Le soleil frappait les fenêtres avec tant d’intensité, comme s’il voulait brûler tout ce qui se cachait entre ces murs.
Dehors, des enfants riaient, une tondeuse à gazon ronronnait quelque part, et l’odeur de l’herbe fraîche emplissait l’air.
Et à l’intérieur, le silence. Le silence qui précède toujours l’orage.
Debout à la table, elle coupait du pain, écoutant le tic-tac de l’horloge.
Son fils jouait par terre, construisant une tour de blocs. Mais elle le voyait jeter un coup d’œil à la porte de temps en temps.
Il savait : si sa mère se taisait, cela ne tarderait pas à commencer.
Puis, des pas.
Lents, lourds, douloureusement familiers.
Elle releva la tête.
Son cœur battit fort contre ses côtes lorsque la clé tourna dans la serrure.
La porte s’ouvrit.
Le soleil aveuglait la pièce, et il se tenait sur le seuil.
Une bouteille à la main, le vide dans les yeux.
Il sourit.
« Tu te caches de moi, même pendant la journée ?» Crois-tu que la lumière te sauvera ?
Il entra.
Il s’approcha.
La lumière glissa sur le verre de la bouteille, brillante comme une lame.
Elle recula, protégeant son fils.
L’odeur de l’alcool se mêla à celle de l’herbe dehors.
Le jour devint soudain aussi terrifiant que la nuit.
Il leva la main.
La bouteille oscilla et brilla.
Le garçon hurla, s’avança et le soleil frappa son père en plein visage.

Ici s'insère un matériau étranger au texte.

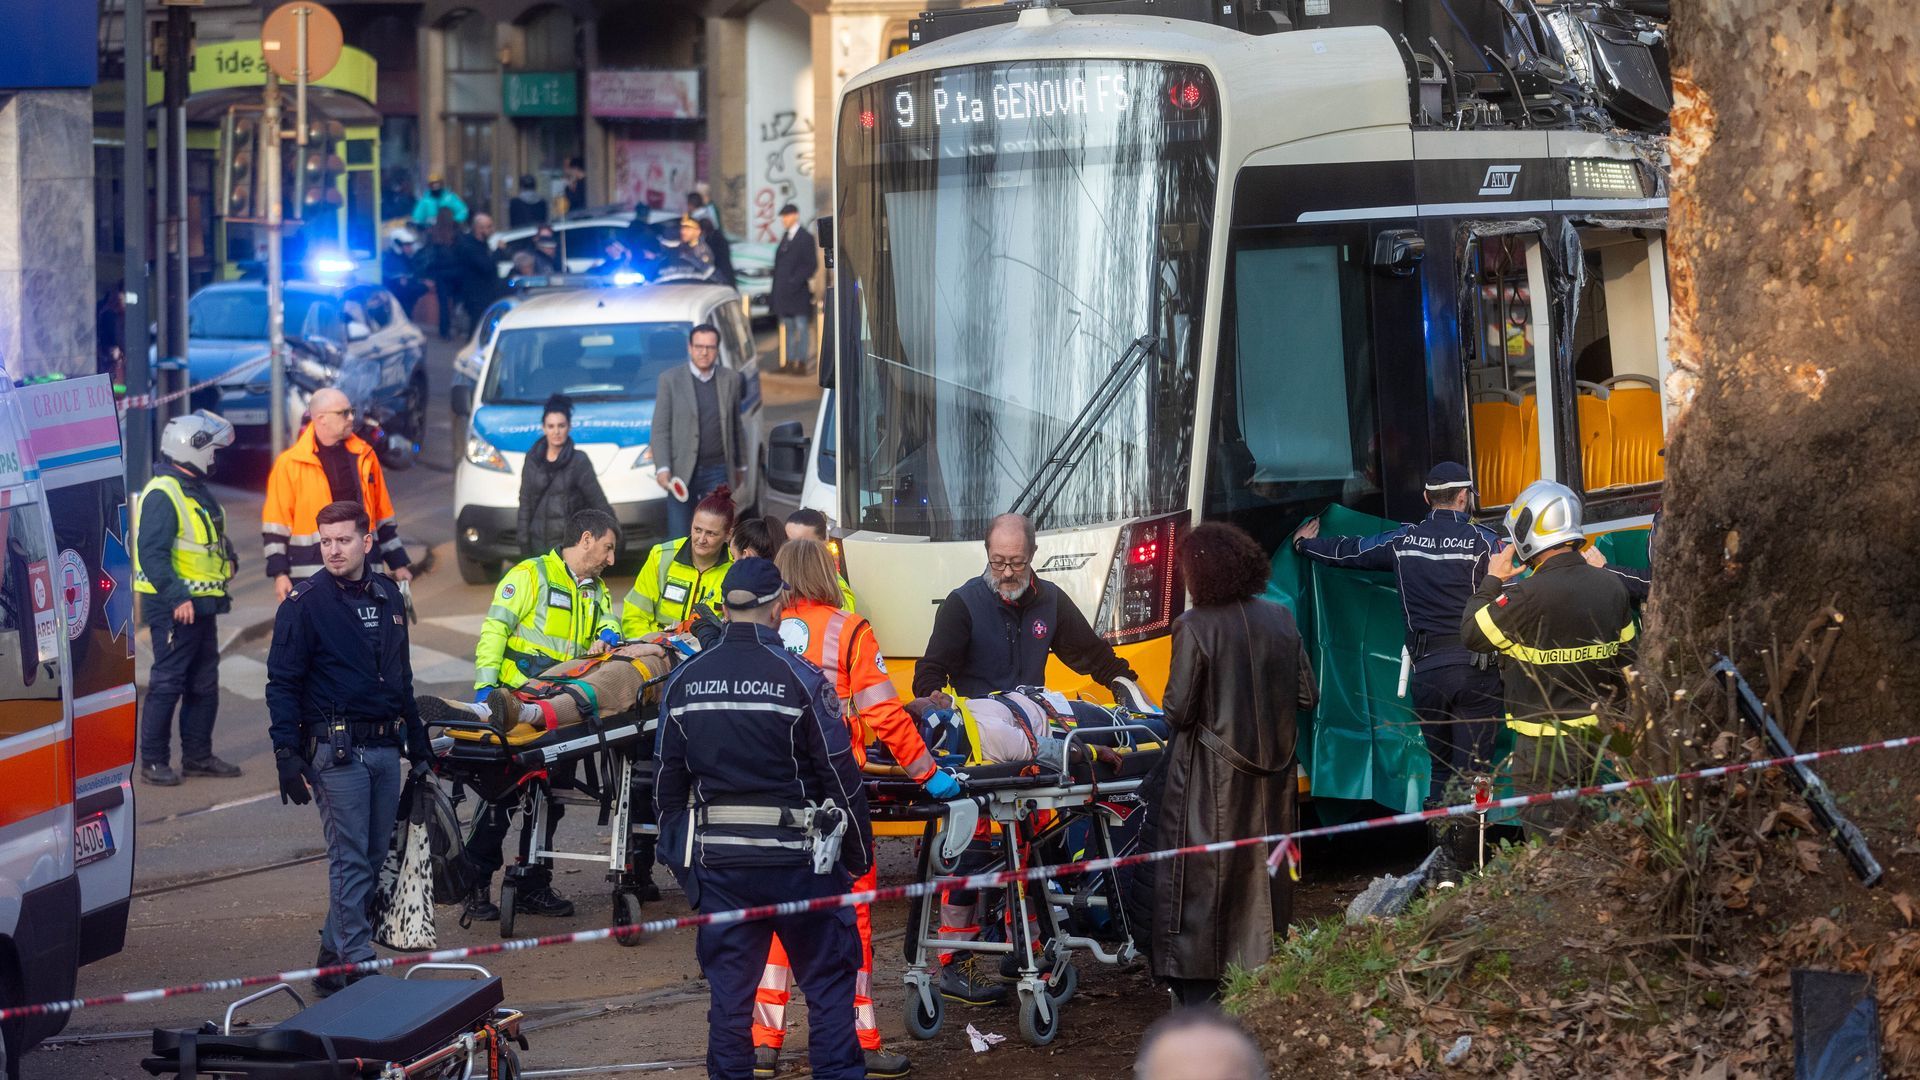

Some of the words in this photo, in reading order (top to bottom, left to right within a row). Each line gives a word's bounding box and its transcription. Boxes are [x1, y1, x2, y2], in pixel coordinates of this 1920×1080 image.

[896, 91, 914, 127] 9
[934, 88, 984, 125] P.ta
[993, 78, 1088, 120] GENOVA
[1096, 74, 1129, 112] FS
[1491, 173, 1509, 187] ATM
[33, 388, 81, 418] CROCE
[1439, 537, 1475, 549] LOCALE
[1054, 558, 1078, 568] ATM
[36, 619, 56, 638] AREU
[1538, 650, 1573, 663] VIGILI
[1575, 646, 1593, 661] DEL
[685, 680, 729, 697] POLIZIA
[733, 680, 786, 699] LOCALE

Il cligna des yeux, comme s’il s’éveillait l’espace d’une fraction de seconde.
Tout se figea.
Elle se tenait face à lui, tenant son fils par l’épaule.
Il les regarda, serrant la bouteille si fort que ses jointures blanchirent.

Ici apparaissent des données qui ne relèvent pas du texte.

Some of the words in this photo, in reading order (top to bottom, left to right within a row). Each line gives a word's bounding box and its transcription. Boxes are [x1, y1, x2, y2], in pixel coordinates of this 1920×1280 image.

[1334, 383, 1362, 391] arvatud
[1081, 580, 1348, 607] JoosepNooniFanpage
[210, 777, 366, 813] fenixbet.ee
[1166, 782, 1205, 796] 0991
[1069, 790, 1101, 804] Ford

Un mouvement de plus, et tout serait décidé.
Il baissa la main.
La bouteille heurta doucement le sol et roula sur le côté.
Il regarda son fils puis sa femme, avec le regard d’un homme qui se voit soudain de l’extérieur. Pour la première fois depuis des années.

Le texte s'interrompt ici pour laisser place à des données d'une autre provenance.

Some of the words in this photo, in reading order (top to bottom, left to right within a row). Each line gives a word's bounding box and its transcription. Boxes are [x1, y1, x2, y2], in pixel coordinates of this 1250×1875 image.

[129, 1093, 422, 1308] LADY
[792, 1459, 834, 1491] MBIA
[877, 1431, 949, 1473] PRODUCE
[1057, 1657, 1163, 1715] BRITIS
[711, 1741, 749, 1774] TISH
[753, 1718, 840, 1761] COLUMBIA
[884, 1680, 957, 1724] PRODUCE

Il fit un pas en arrière. Puis un autre.
Se retourna et sortit.
La porte se referma, et la maison s’emplit d’un silence saisissant, nouveau, inconnu.
Elle resta immobile, sentant ses jambes trembler.
Le garçon se serra contre elle, respirant rapidement, comme s’il venait de courir longtemps.
Elle s’agenouilla, le serra dans ses bras et, pour la première fois depuis des années, se contenta de pleurer, non pas de peur, mais de soulagement.
Plus tard, vers le soir, elle rangea ses affaires.
Des documents, un jouet, une photo : tout ce qui lui restait de son ancienne vie.
Et sans fermer la porte, elle partit.
Le soleil brillait encore dehors.
Les voisins observaient par leurs fenêtres, mais personne ne dit mot.
Elle marchait pieds nus sur l’asphalte, tenant la main de son fils.
La lumière était aveuglante, mais elle ne l’effrayait plus.
Ils s’arrêtèrent à l’arrêt de bus. Le garçon se blottit contre elle et lui demanda : « Maman, c’est bien ça ? »
Elle regarda au loin et répondit : « Oui, c’est maintenant. »
Quelques semaines plus tard, ils vivaient ailleurs. Une petite pièce, des murs blancs, l’odeur du pain le matin.
Parfois, elle rêvait du passé, mais maintenant elle se réveillait paisiblement.
Chaque matin, elle ouvrait la fenêtre et laissait entrer la lumière.
Parce que maintenant, c’était à eux – à elle et à son fils.